BMBL shares have been mostly on the backfoot since the February public debut and the decline only accelerated since the release of Q3’s results. But Carpenter thinks investors homing in on app payer growth slowing down in the quarter does not take into account what has otherwise been “very strong underlying Bumble app momentum.” This is evident in MAUs (14.5 million, +21% year-over-year, as per Apptopia) and DAUs, which are showing faster growth than MAUs, according to management.  

The company has put the Q3 app payer slowdown to the impact of a temporary Google Play payment restriction. However, with that overhang out of the way, Bumble anticipates app payers will “meaningfully increase” in Q4.

Additionally, driven by “product & monetization focus on the pre-match experience, lower-end tiers (i.e., college bundles), & consumables,” Carpenter believes Bumble app net adds in 2022 will trump 2021’s performance. And although there are risks involved – including a worsening Omicron situation and the possibility international expansion will not go as planned – with the share price still down significantly since Q3’s earnings, the analyst believes the risks are “more than priced into BMBL shares.”

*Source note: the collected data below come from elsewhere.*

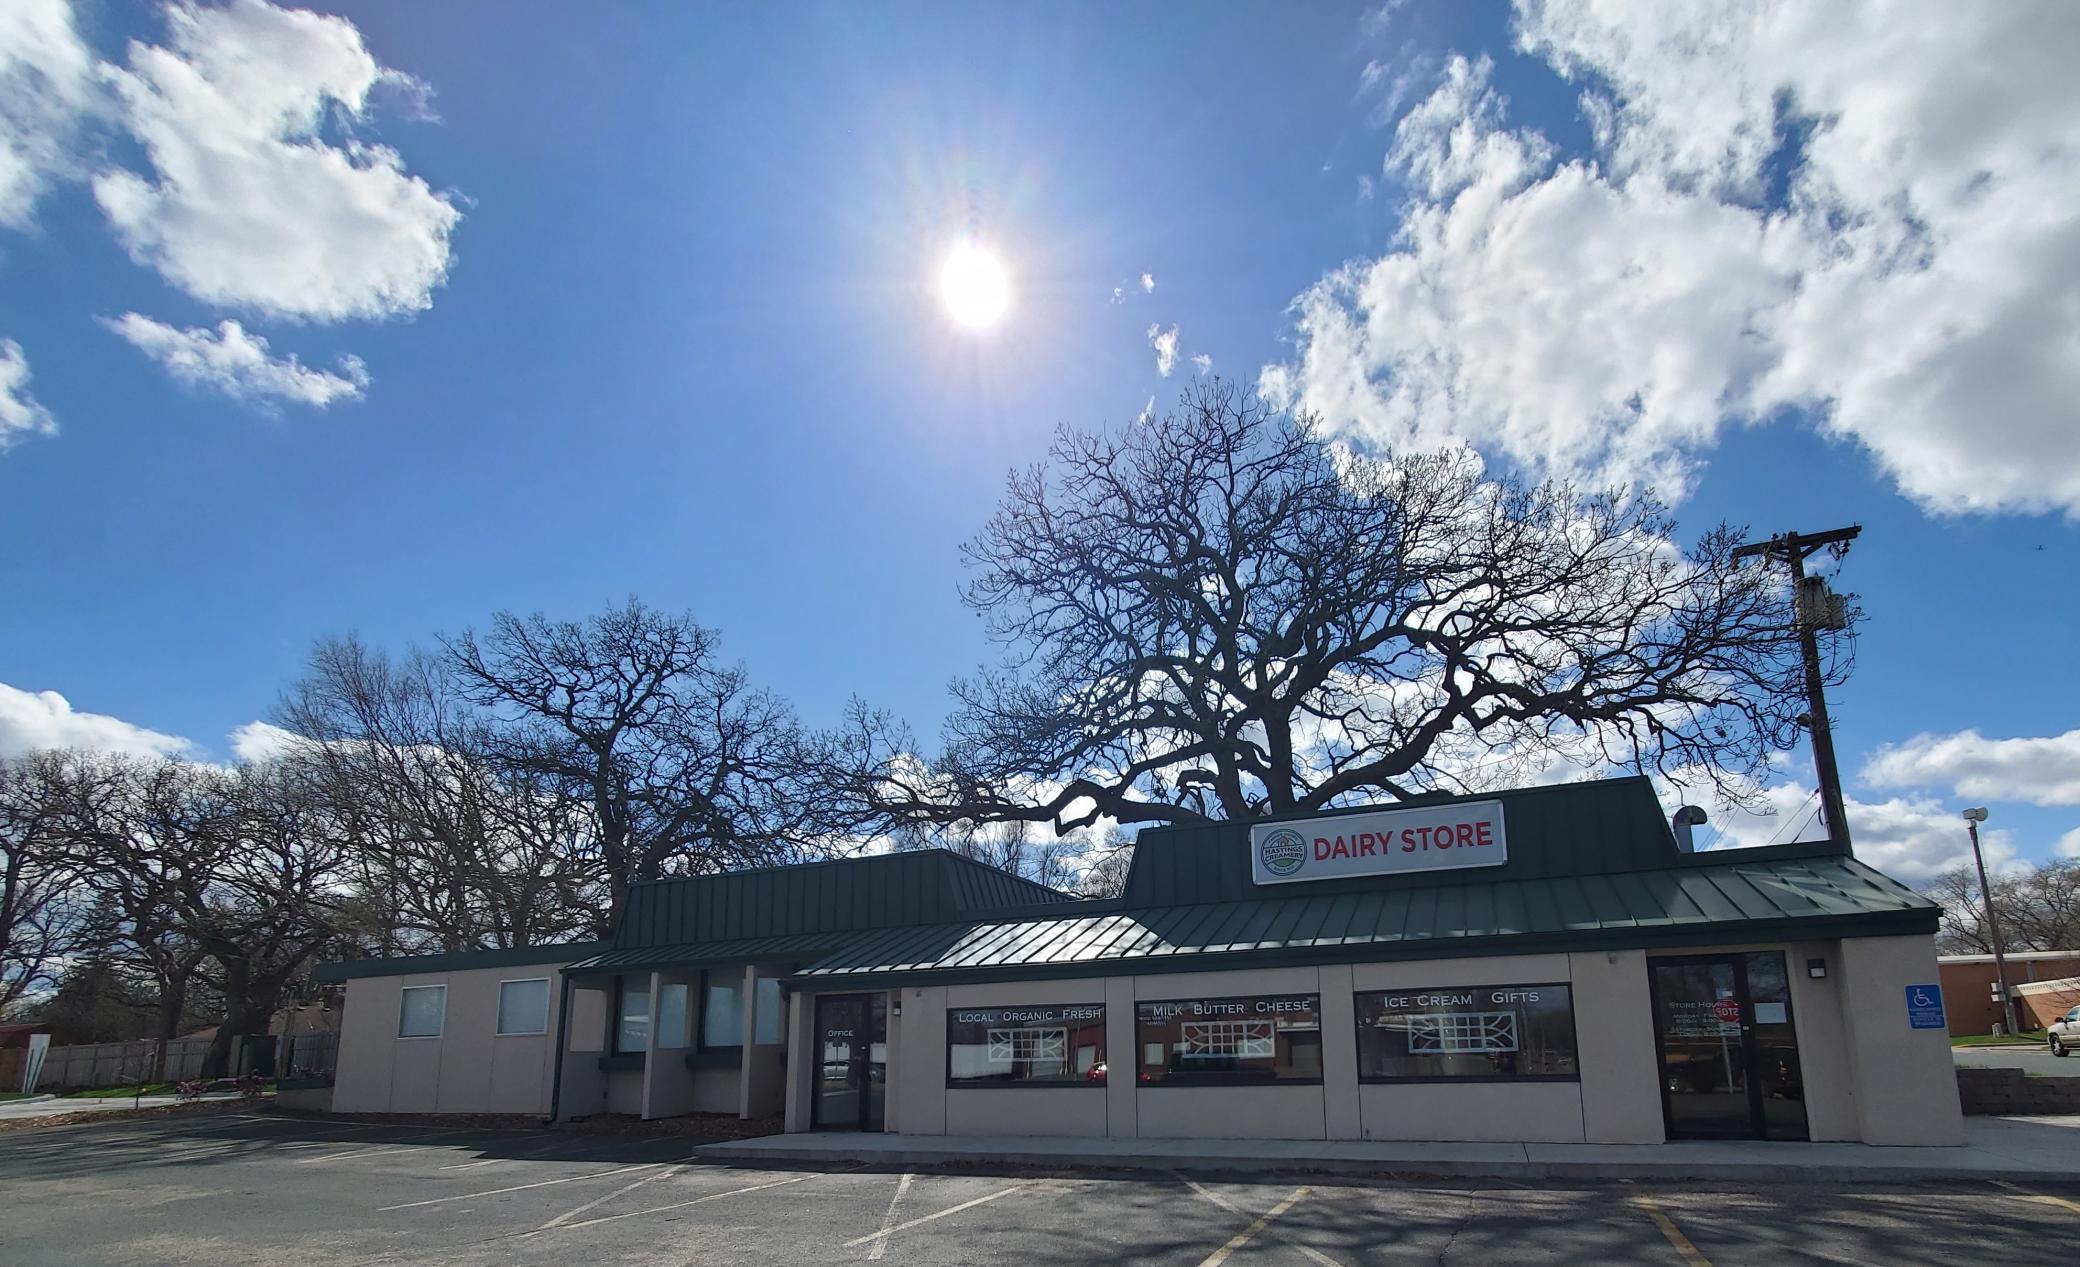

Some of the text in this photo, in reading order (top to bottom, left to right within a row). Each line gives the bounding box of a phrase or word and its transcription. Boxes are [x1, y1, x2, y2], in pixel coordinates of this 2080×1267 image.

[1313, 821, 1493, 861] DAIRY STORE
[1265, 846, 1303, 855] HASTINGS
[1265, 853, 1304, 862] CREAMERY
[1384, 992, 1540, 1008] ICE CREAM GIFTS
[1153, 1001, 1311, 1016] MILK BUTTER CHEESE
[959, 1009, 1101, 1023] LOCAL ORGANIC FRESH
[827, 1029, 854, 1037] OFFICE
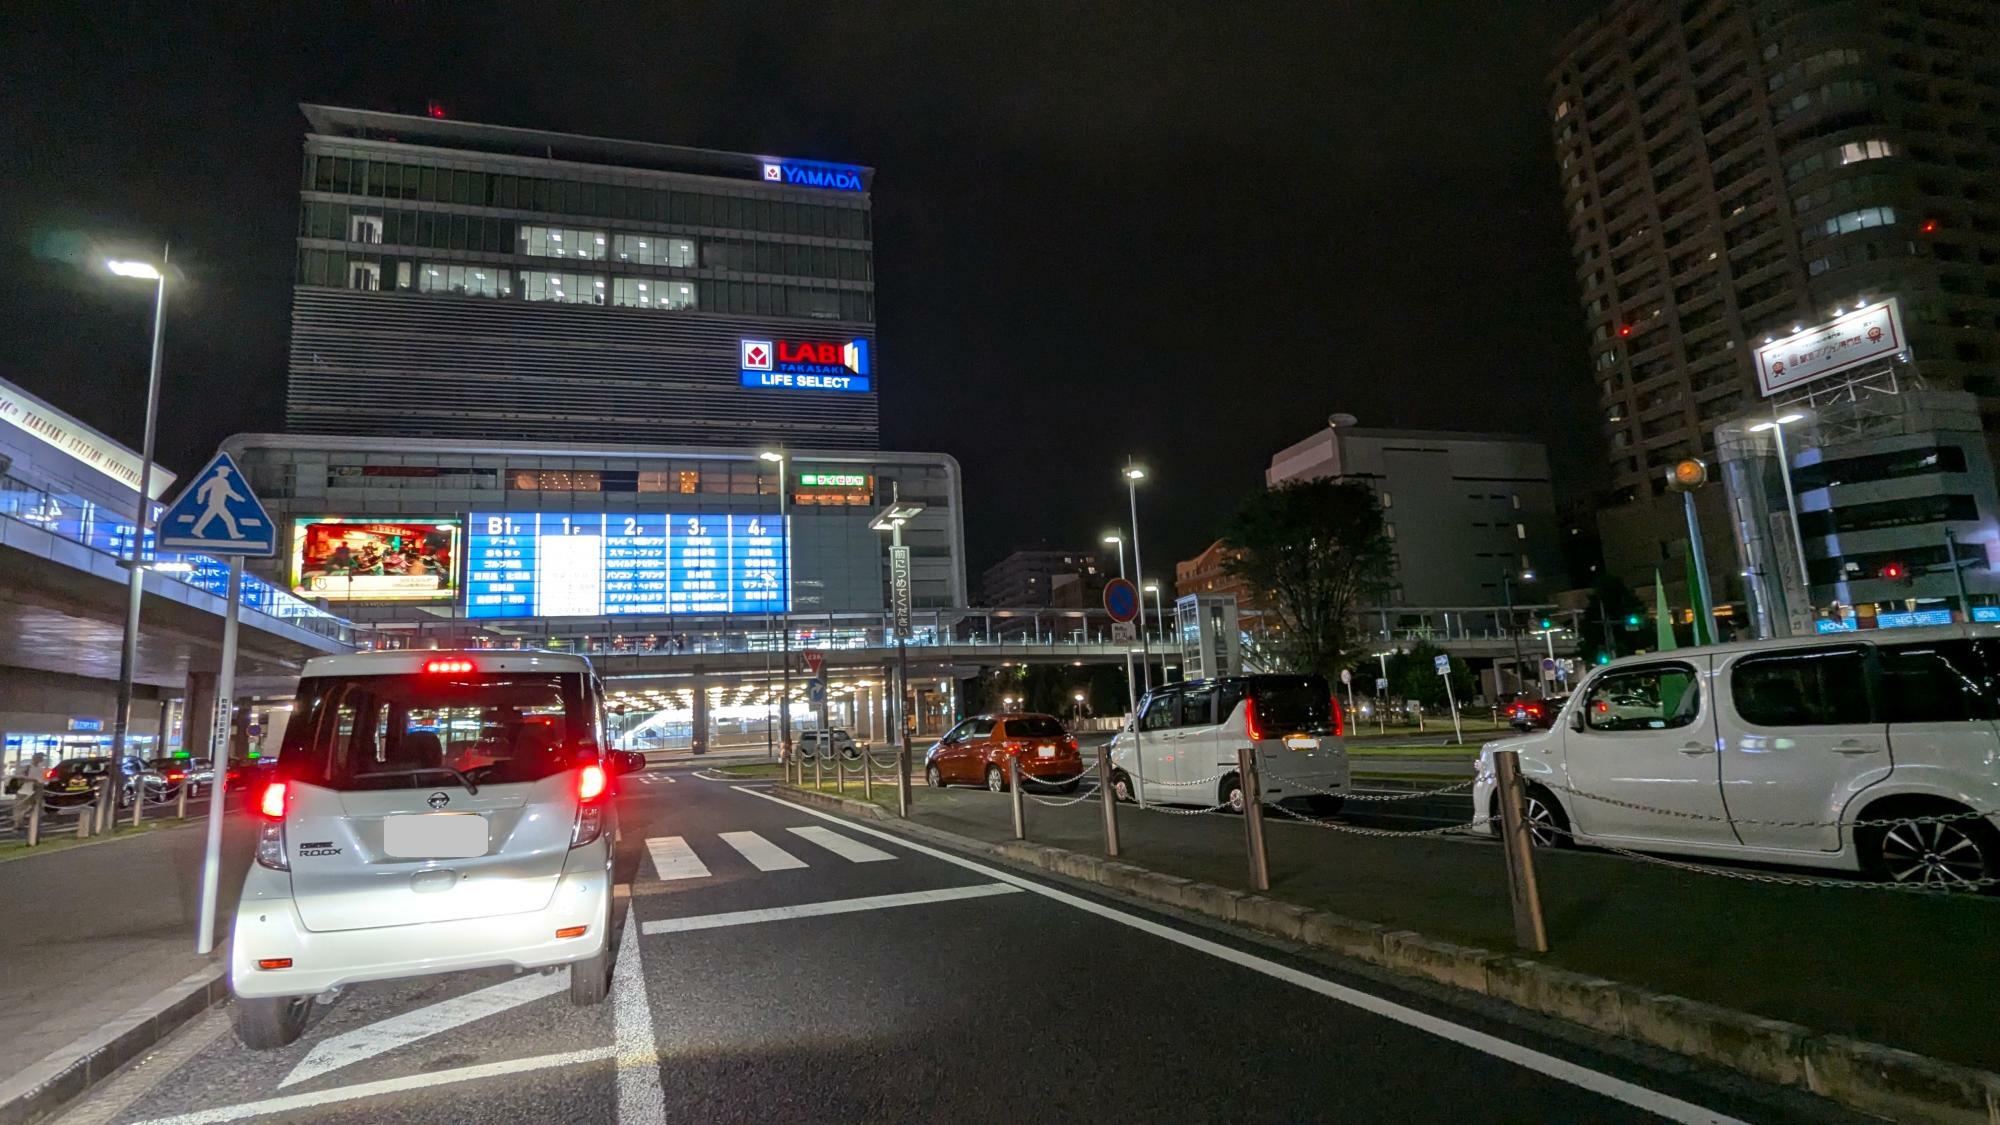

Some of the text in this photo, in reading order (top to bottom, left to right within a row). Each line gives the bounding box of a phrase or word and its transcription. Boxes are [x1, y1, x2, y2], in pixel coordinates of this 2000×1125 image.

To this end, Carpenter upgraded BMBL’s rating from Neutral (i.e., Hold) to Overweight (i.e., Buy) and has a $55 price target for the shares. Investors are looking at returns of 50% from current levels. (To watch Carpenter’s track record, click here)

Carpenter’s target is the same one as the Street’s and barring 2 Holds, all 6 other analysts agree with his positive assessment. As such, the stock boasts a Strong Buy consensus rating. (See Bumble stock analysis on TipRanks)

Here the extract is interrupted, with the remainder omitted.